No currículo de Bob Woodward, do “Washington Post”, consta a derrubada de um presidente dos Estados Unidos, Richard Nixon. O competente e inescrupuloso gestor americano renunciou pra não sofrer impeachment. De 1974 pra cá, tornou-se um dos repórteres que mais entendem o que ocorre na Casa Branca. Num de seus livros, “Plano de Ataque”, examinou o governo de George W. Bush — criticamente mas sem preconceito. Concluiu que o ex-presidente não é nenhum néscio, ao contrário do que muitos pensam. Quanto a Donald Trump, o presidente dos Estados Unidos, Woodward decidiu ir além da histeria costumeira de parte da Imprensa e mostra um outro lado dos Estados Unidos que alguns se recusam a conhecer.

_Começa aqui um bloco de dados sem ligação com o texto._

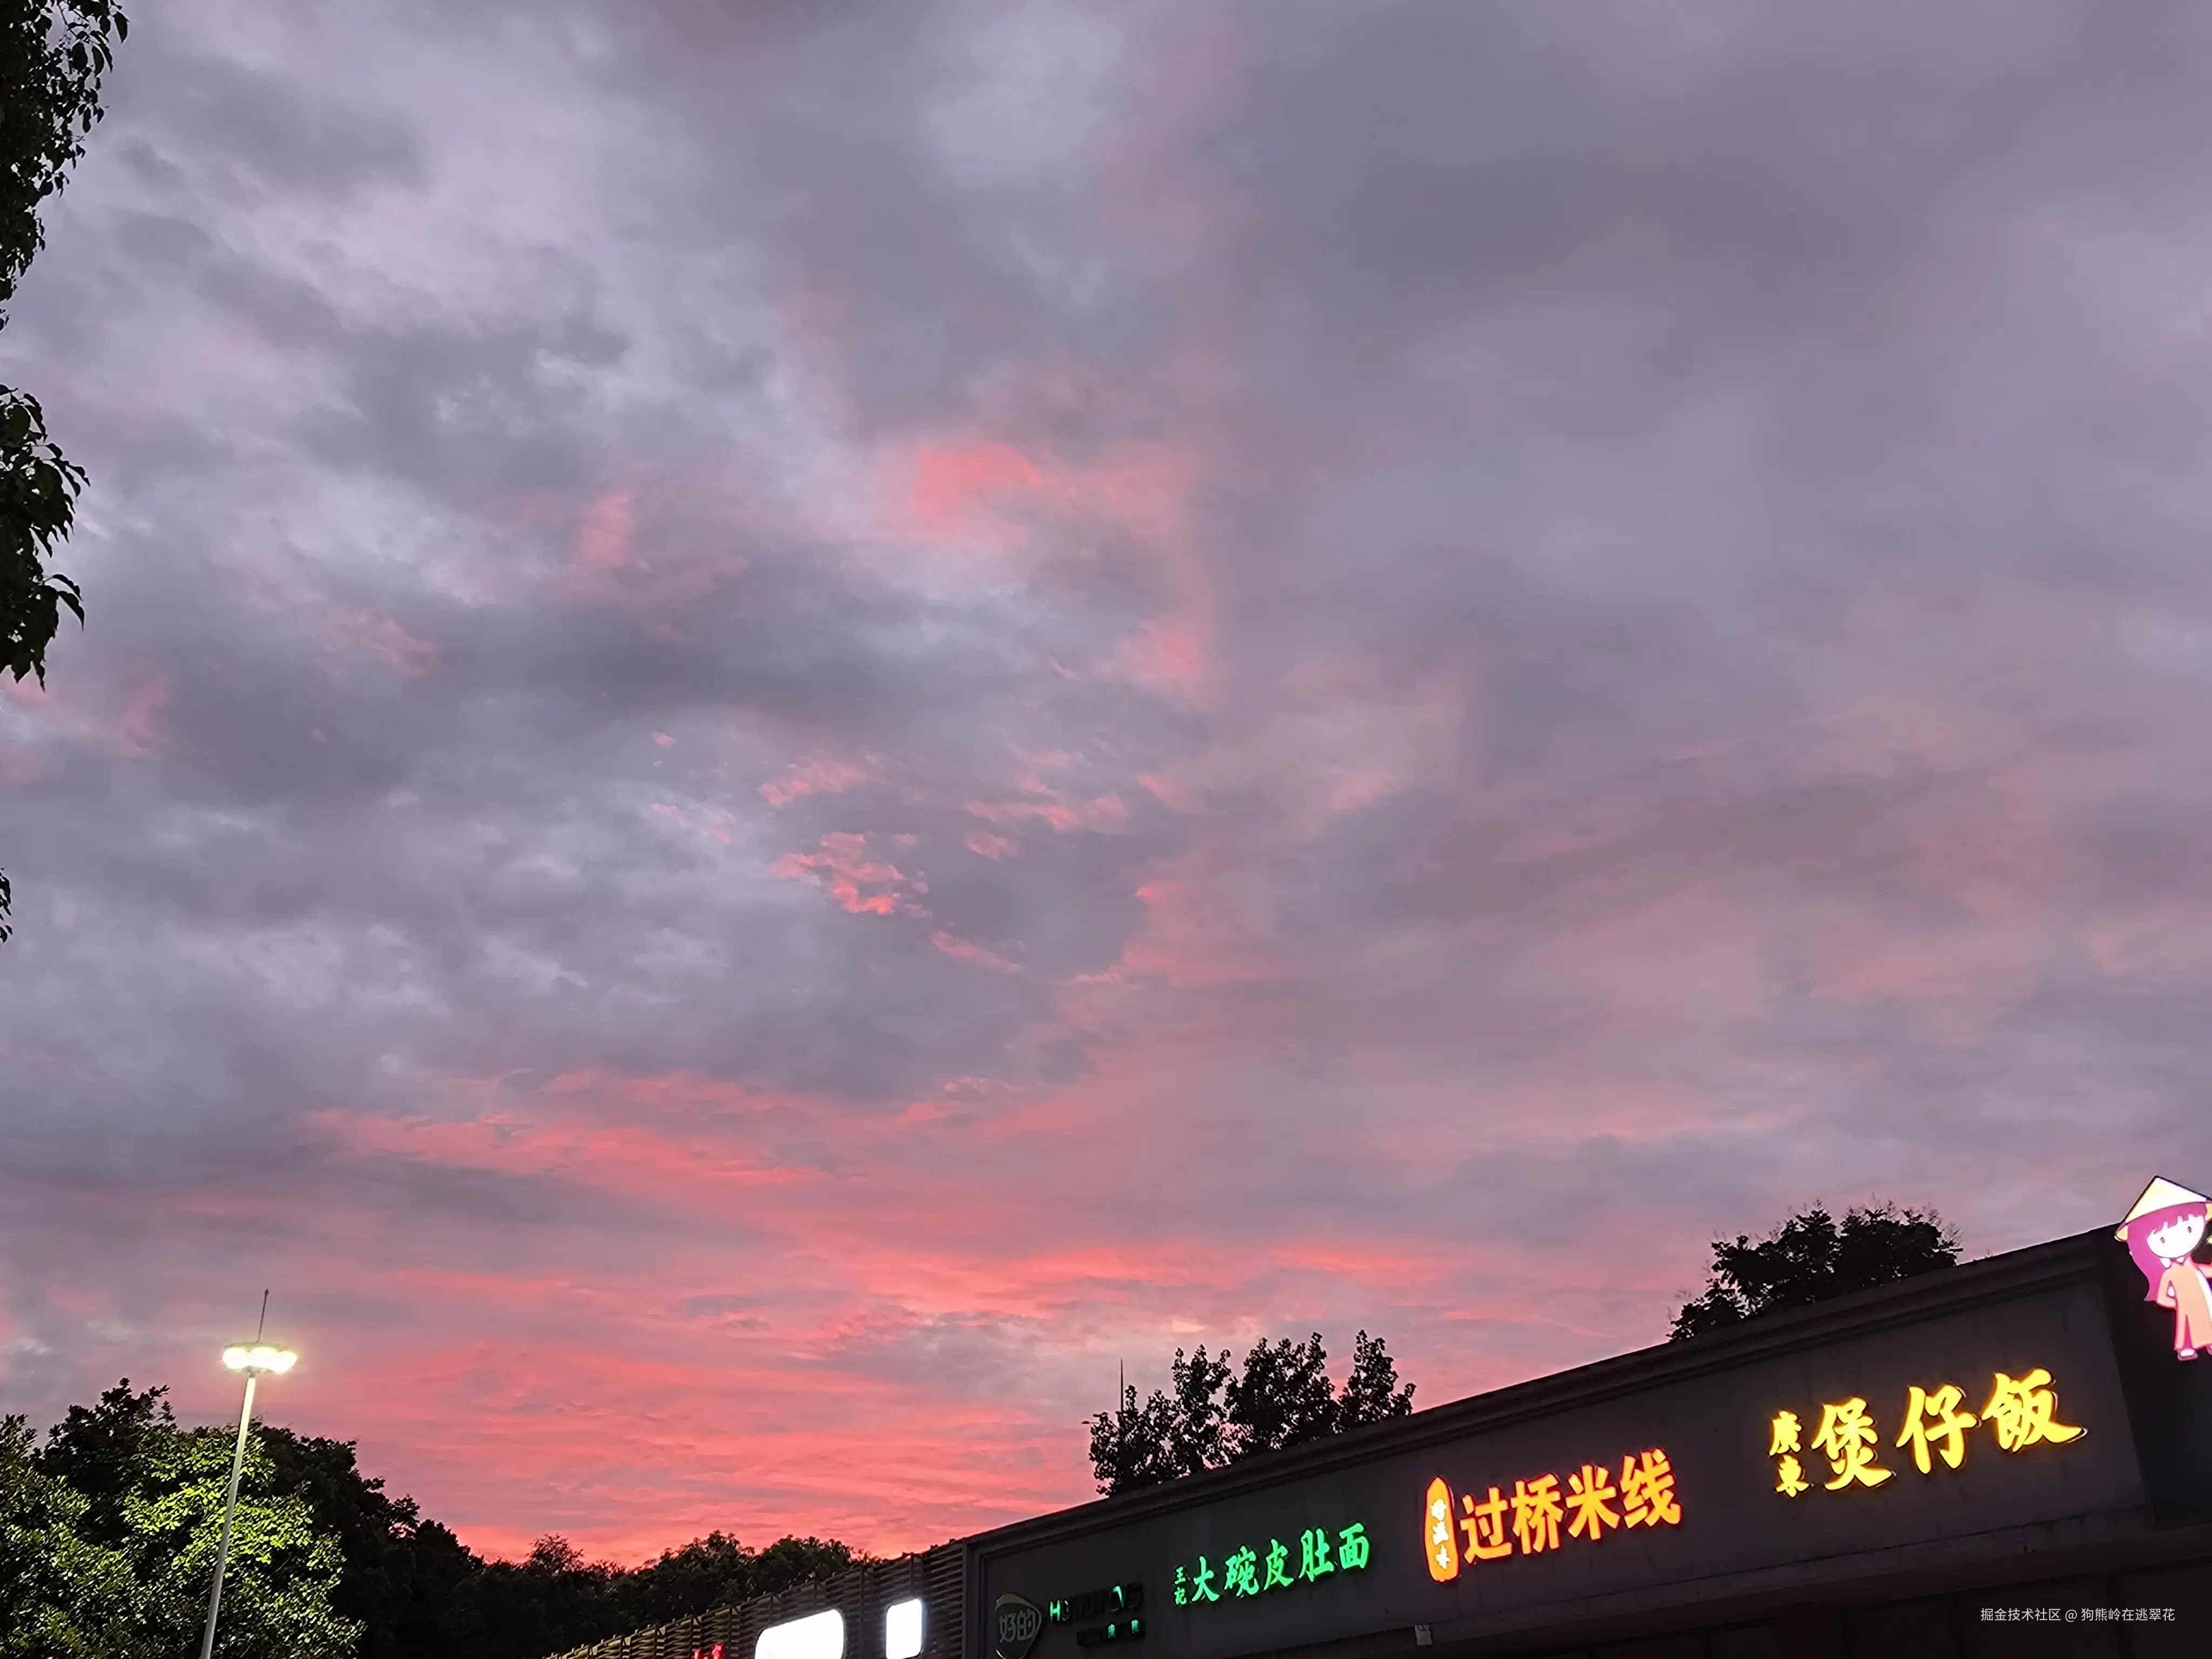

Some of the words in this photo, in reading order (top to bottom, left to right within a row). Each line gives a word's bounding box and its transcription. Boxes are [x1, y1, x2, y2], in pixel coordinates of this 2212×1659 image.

[1460, 1448, 1682, 1565] 过桥米线
[1191, 1522, 1370, 1602] 大碗皮肚面

A leitura de “Medo” sugere que a burocracia desrespeita o presidente e faz o que quer? Não é bem assim. A tecnoburocracia americana percebe a instituição da Presidência da República como, digamos, acima da figura do presidente eventual. Por vezes, quando avalia que há um caminho certo, o que defende a República e o país de maneira global, e um errado, trilhado pelo presidente, fica com o primeiro. Não se está desrespeitando o presidente. Está se respeitando a Presidência e o país. Woodward mostra que nem tudo que Trump diz é fruto de planejamento. Mas, quando usa o medo, como arma de cerco e pressão, é de caso estudado. (Todavia, 432 páginas, tradução de Pedro Maia, Paulo Geiger, André Czarnobai, Rogerio Galindo).